[[ Task inputs, beginning ]]

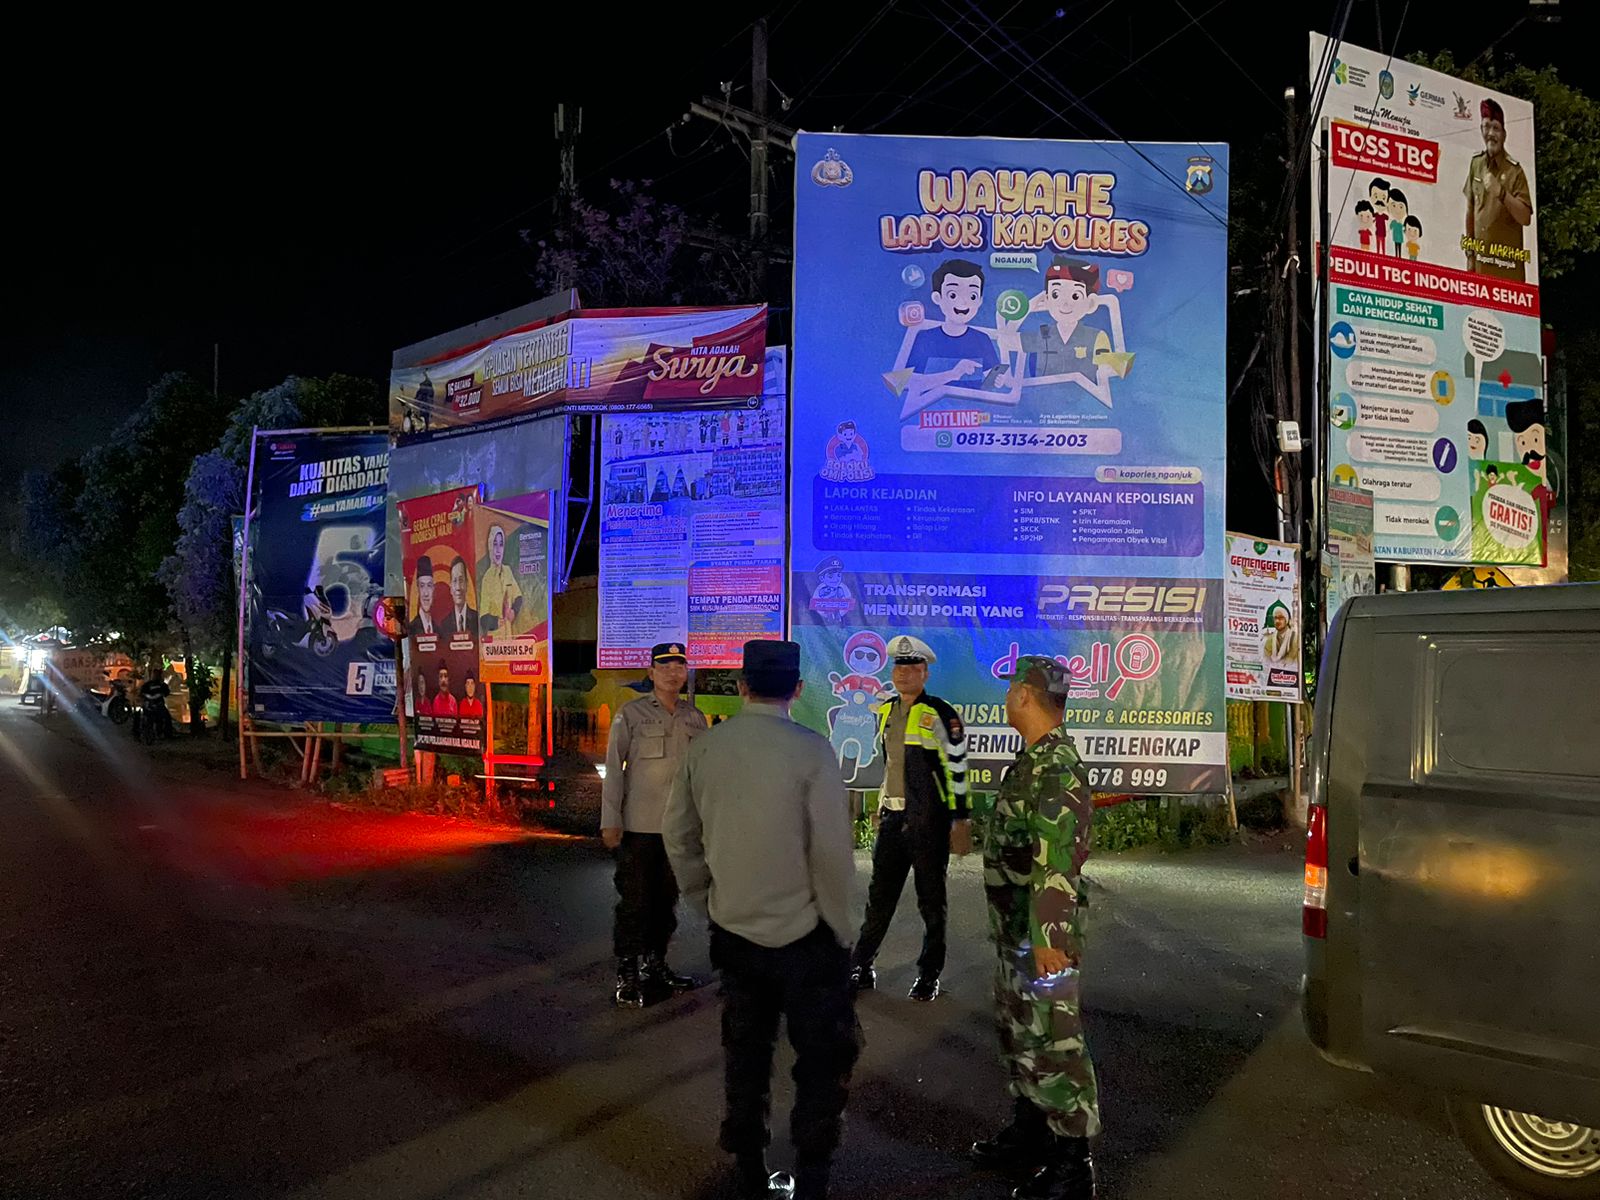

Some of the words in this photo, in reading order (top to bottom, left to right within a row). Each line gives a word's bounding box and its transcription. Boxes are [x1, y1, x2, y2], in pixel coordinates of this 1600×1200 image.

[1420, 91, 1445, 105] GERMAS
[1354, 105, 1380, 117] BERSATU
[1354, 114, 1380, 126] Indonesia
[1337, 127, 1390, 159] TOSS
[1395, 141, 1434, 170] TBC
[918, 170, 1115, 217] WAYAHE
[881, 216, 983, 251] LAPOR
[992, 215, 1150, 254] KAPOLRES
[995, 256, 1033, 265] NGANJUK
[1382, 265, 1411, 285] TBC
[1414, 271, 1490, 300] INDONESIA
[1492, 287, 1534, 308] SEHAT
[1349, 292, 1373, 306] GAYA
[1375, 296, 1403, 310] HIDUP
[1405, 301, 1433, 315] SEHAT
[1342, 304, 1364, 317] DAN
[1365, 308, 1425, 326] PENCEGAHAN
[1427, 316, 1438, 328] TB
[1378, 333, 1400, 341] makanan
[690, 346, 708, 356] KITA
[709, 345, 740, 356] ADALAH
[648, 347, 758, 394] Surya
[1360, 404, 1388, 413] Menjemur
[1401, 408, 1414, 416] tidur
[923, 412, 978, 427] HOTLINE
[1374, 413, 1388, 421] tidak
[1389, 415, 1410, 424] lembab
[956, 432, 1088, 448] 0813-3134-2003
[300, 455, 361, 481] KUALITAS
[840, 469, 875, 481] POLISI
[289, 479, 324, 497] DAPAT
[326, 468, 389, 494] DIANDALK
[1362, 478, 1389, 489] Olahraga
[1391, 480, 1412, 489] teratur
[825, 488, 868, 499] LAPOR
[872, 489, 937, 500] KEJADIAN
[1014, 491, 1045, 503] INFO
[1048, 492, 1113, 504] LAYANAN
[1116, 493, 1194, 505] KEPOLISIAN
[607, 503, 663, 517] Menerima
[1490, 501, 1533, 532] GRATIS!
[1385, 515, 1401, 524] Tidak
[1402, 516, 1430, 525] merokok
[1079, 527, 1123, 535] Pengawalan
[1079, 536, 1125, 545] Pengamanan
[1127, 536, 1150, 545] Obyek
[1374, 546, 1391, 555] ATAN
[1393, 546, 1432, 556] KABUPATEN
[1230, 555, 1290, 572] GEMENGGENG
[864, 584, 987, 598] TRANSFORMASI
[690, 596, 720, 604] TEMPAT
[722, 594, 779, 604] PENDAFTARAN
[1038, 585, 1208, 613] PRESISI
[864, 604, 928, 617] MENUJU
[931, 604, 977, 617] POLRI
[980, 605, 1024, 618] YANG
[1228, 618, 1238, 631] 19
[1239, 622, 1259, 633] 2023
[486, 645, 517, 656] SUMARSIH
[355, 665, 367, 692] 5
[1064, 709, 1100, 723] PTOP
[1105, 710, 1115, 724] &
[1119, 710, 1213, 727] ACCESSORIES
[964, 734, 1018, 753] ERMU
[1084, 736, 1201, 757] TERLENGKAP
[1088, 769, 1123, 786] 678
[1131, 769, 1168, 787] 999

[[ Task inputs, end ]]

Task item
One number is the expected answer: the count of lines above that hold the word "LAPOR".

Solution to the problem
2